(Text-to-region grounding data)
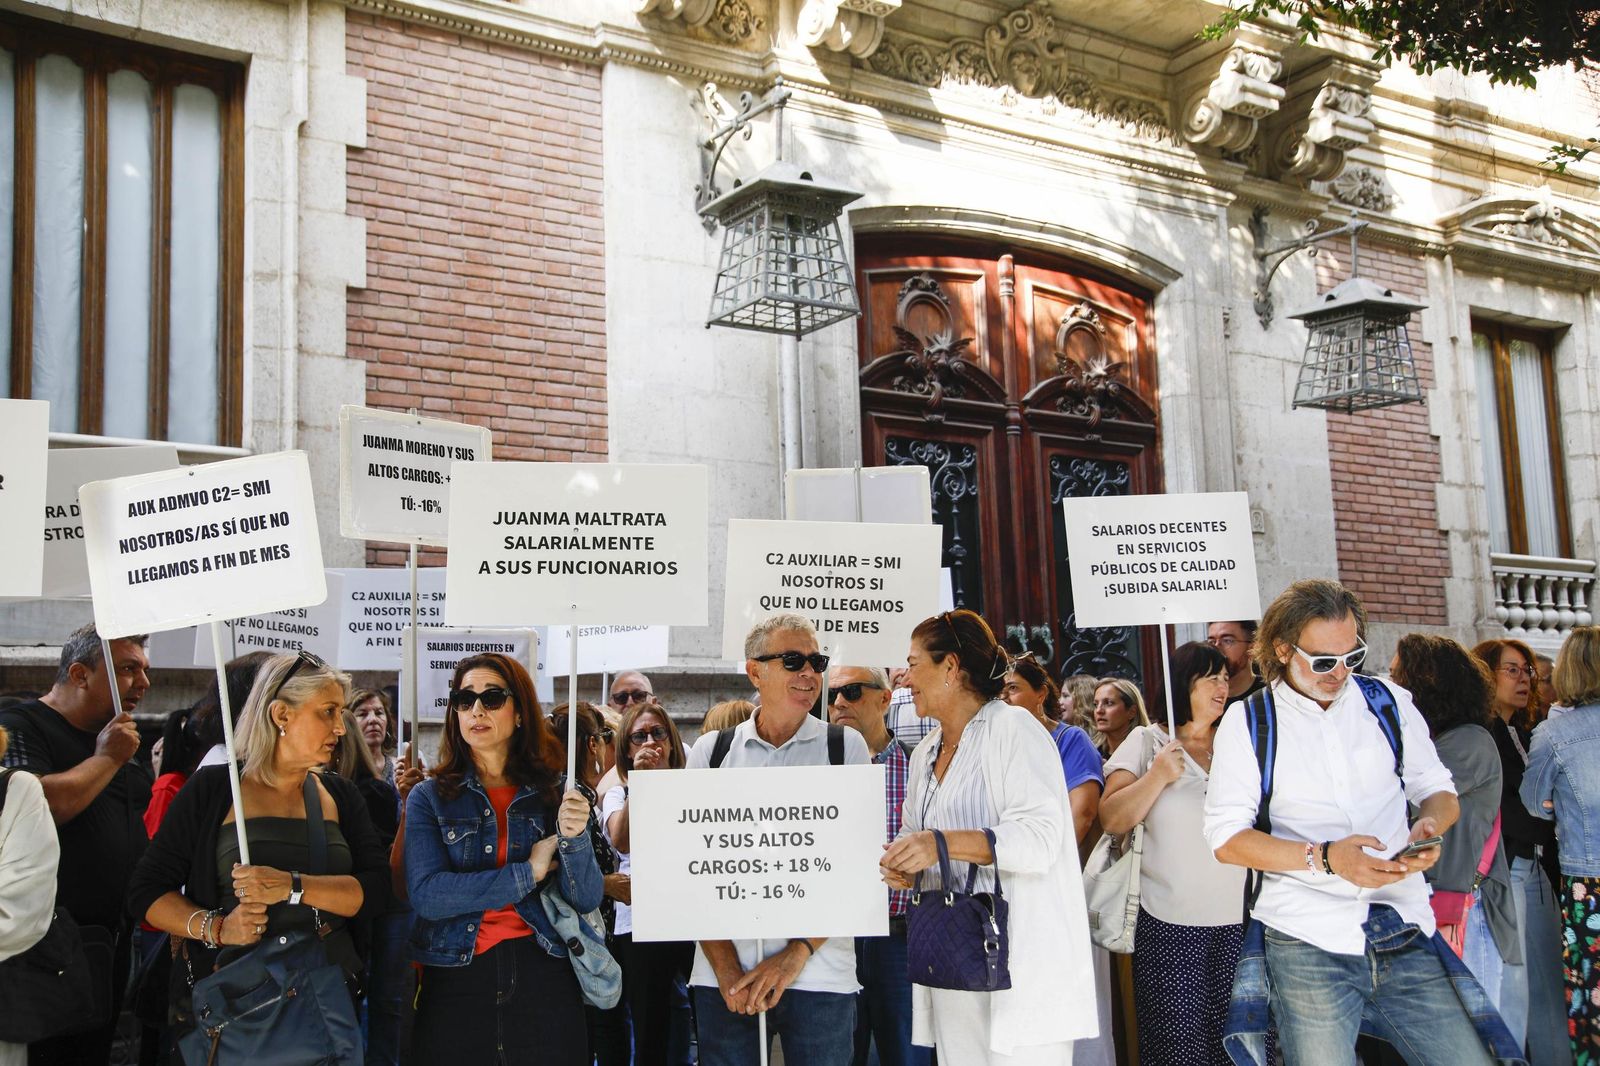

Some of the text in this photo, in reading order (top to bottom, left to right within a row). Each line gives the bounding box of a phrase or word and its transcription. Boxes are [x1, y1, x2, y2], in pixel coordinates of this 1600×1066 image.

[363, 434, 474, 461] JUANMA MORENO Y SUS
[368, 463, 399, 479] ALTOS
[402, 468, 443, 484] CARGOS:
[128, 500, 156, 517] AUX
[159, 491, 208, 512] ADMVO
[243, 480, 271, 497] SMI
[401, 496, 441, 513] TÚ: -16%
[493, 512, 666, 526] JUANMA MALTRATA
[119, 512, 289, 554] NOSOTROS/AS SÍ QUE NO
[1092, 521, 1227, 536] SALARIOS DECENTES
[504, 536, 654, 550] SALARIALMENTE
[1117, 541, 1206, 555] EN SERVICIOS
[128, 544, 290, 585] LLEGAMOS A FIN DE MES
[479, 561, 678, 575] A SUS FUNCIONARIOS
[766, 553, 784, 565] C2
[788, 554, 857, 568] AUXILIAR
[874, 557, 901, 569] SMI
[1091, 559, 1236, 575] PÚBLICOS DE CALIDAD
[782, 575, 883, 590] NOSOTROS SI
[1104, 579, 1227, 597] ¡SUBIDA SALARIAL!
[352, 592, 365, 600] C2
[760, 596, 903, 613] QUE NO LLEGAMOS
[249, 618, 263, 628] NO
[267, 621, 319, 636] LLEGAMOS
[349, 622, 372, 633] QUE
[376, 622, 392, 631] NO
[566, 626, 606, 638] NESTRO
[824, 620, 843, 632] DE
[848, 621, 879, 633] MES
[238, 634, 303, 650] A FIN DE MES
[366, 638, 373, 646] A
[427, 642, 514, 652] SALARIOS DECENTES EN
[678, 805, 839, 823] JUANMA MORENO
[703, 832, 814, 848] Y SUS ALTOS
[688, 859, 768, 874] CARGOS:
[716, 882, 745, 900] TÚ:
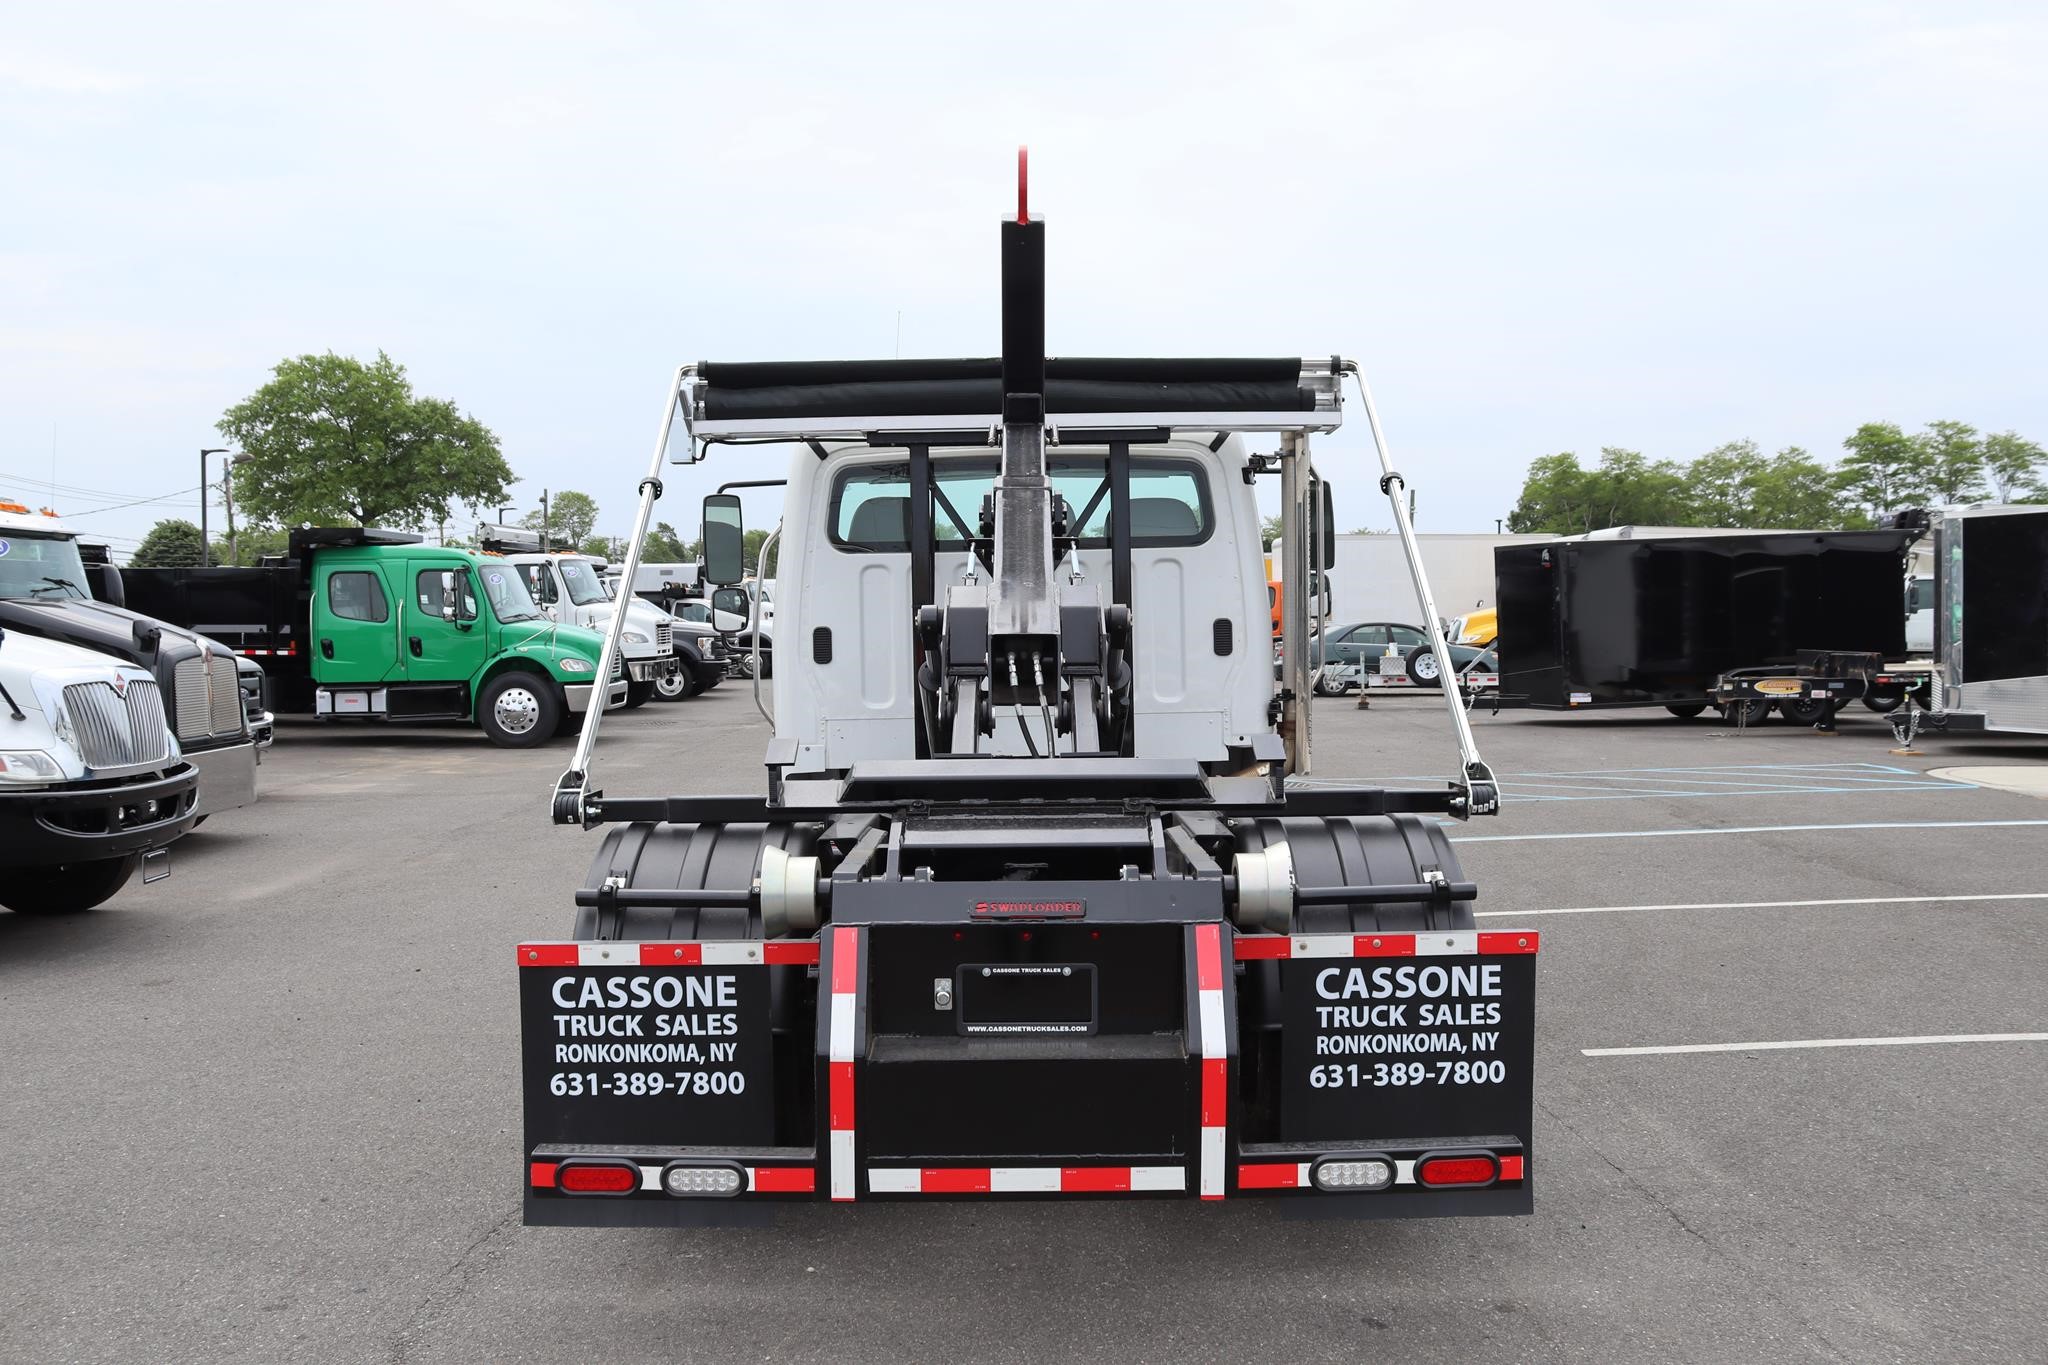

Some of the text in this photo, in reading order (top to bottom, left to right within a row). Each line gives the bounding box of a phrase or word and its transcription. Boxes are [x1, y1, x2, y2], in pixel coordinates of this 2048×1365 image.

(Activity): All of the entries above should be copied exactly, except for the pictures.

(Response below):
Some of the text in this photo, in reading order (top to bottom, left to right within a row). Each line gives the bounding box of a phrase or word and its transcription. Boxes are [x1, y1, x2, y2], in pixel coordinates of this 1600×1066 image.

[363, 434, 474, 461] JUANMA MORENO Y SUS
[368, 463, 399, 479] ALTOS
[402, 468, 443, 484] CARGOS:
[128, 500, 156, 517] AUX
[159, 491, 208, 512] ADMVO
[243, 480, 271, 497] SMI
[401, 496, 441, 513] TÚ: -16%
[493, 512, 666, 526] JUANMA MALTRATA
[119, 512, 289, 554] NOSOTROS/AS SÍ QUE NO
[1092, 521, 1227, 536] SALARIOS DECENTES
[504, 536, 654, 550] SALARIALMENTE
[1117, 541, 1206, 555] EN SERVICIOS
[128, 544, 290, 585] LLEGAMOS A FIN DE MES
[479, 561, 678, 575] A SUS FUNCIONARIOS
[766, 553, 784, 565] C2
[788, 554, 857, 568] AUXILIAR
[874, 557, 901, 569] SMI
[1091, 559, 1236, 575] PÚBLICOS DE CALIDAD
[782, 575, 883, 590] NOSOTROS SI
[1104, 579, 1227, 597] ¡SUBIDA SALARIAL!
[352, 592, 365, 600] C2
[760, 596, 903, 613] QUE NO LLEGAMOS
[249, 618, 263, 628] NO
[267, 621, 319, 636] LLEGAMOS
[349, 622, 372, 633] QUE
[376, 622, 392, 631] NO
[566, 626, 606, 638] NESTRO
[824, 620, 843, 632] DE
[848, 621, 879, 633] MES
[238, 634, 303, 650] A FIN DE MES
[366, 638, 373, 646] A
[427, 642, 514, 652] SALARIOS DECENTES EN
[678, 805, 839, 823] JUANMA MORENO
[703, 832, 814, 848] Y SUS ALTOS
[688, 859, 768, 874] CARGOS:
[716, 882, 745, 900] TÚ:

Some of the text in this photo, in reading order (top to bottom, left to right within a row). Each line gives the bounding box of a phrase or word and its transcription. Boxes are [x1, y1, x2, y2], in pixel coordinates of this 2048×1365 image.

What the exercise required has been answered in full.